Do you live for these times; is this all you live for? To descend down the metal spiral with bad shoes, all legs. To be labeled “the hottest girl at the party” by a freckled redhead and a blonde speckled with glitter. They chase you around with cameras, you hide behind couches and wood stoves, annoyed and ashamedly flattered. Bobbing around over balloons and against bodies to settle into a seat with a comprehensive view of the floor and the loud life pulsing over it. And to find the greatest delight in watching others do all the things you find no pleasure in doing yourself. And you worry that everything is something you can’t take pleasure in, the same way you worry about losing your expressive lucidity.

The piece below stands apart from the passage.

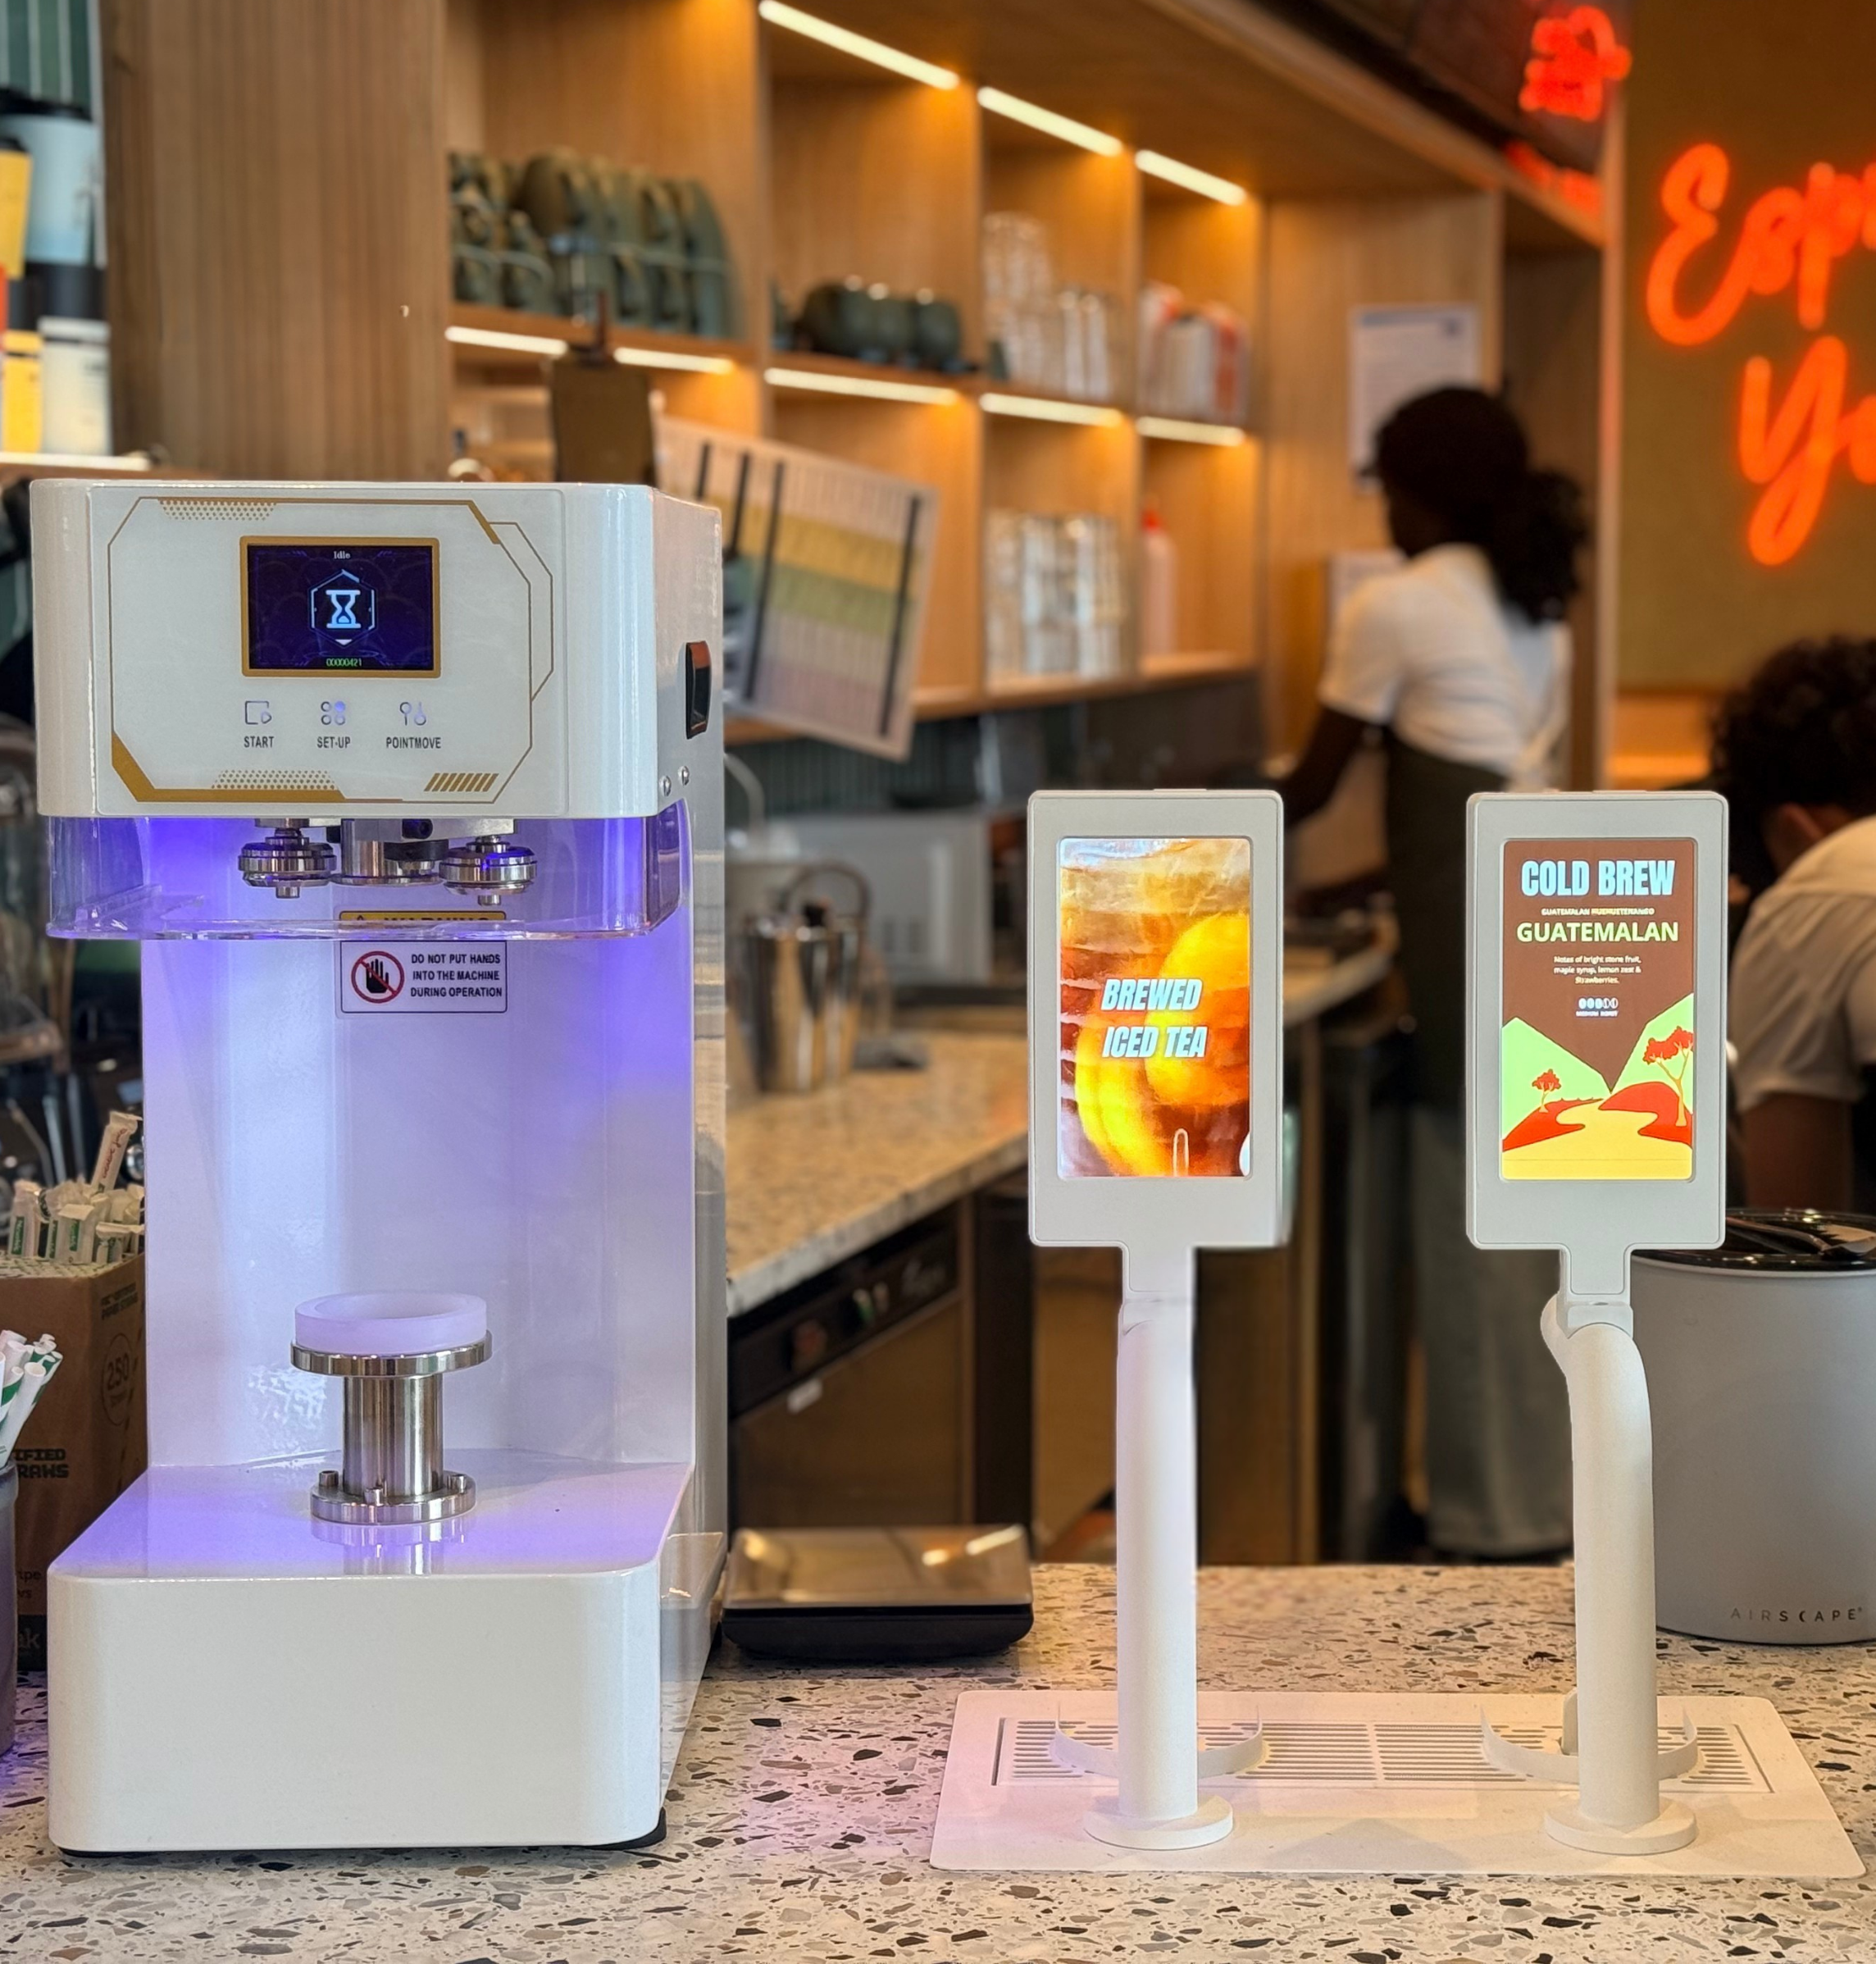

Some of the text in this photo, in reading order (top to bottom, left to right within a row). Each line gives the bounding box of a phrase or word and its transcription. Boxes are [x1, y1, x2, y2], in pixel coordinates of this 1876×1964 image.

You still manage to talk, but not with your own words authentically arranged. Others still get you, but you become to yourself more and more elusive.
You find things to strive for; now, not with the intention of possessing them, but dwelling in the spaces where their attainment is guaranteed. It’s cruel of you–to work people up and carve yourself down to arrange it so that what you think is worth getting, you’ll get, but without having ever wanted any of it. You tell yourself this is your way of determining what you ought to want, because you remember that otherwise, there’s nothing you want. You can get all these things, you have come to find. You are perfectly capable, if not masterful, of getting the things on your list, if only these things you really wanted.
So it’s nice enough when M shows up at 3, right as you have given V up to the dance floor, watching him dance with tall pretty girl from your station. It’s nice enough then for M to show up and for you to decide you’ll just sleep in his room tonight. You pay no mind to V’s hand reaching for your arm and the crowded eyes behind you. They watch you walk out, or you think of yourself as someone they are watching walk out, and hope that by then all has been figured out by some of them, and that you are left forever mystified to some others.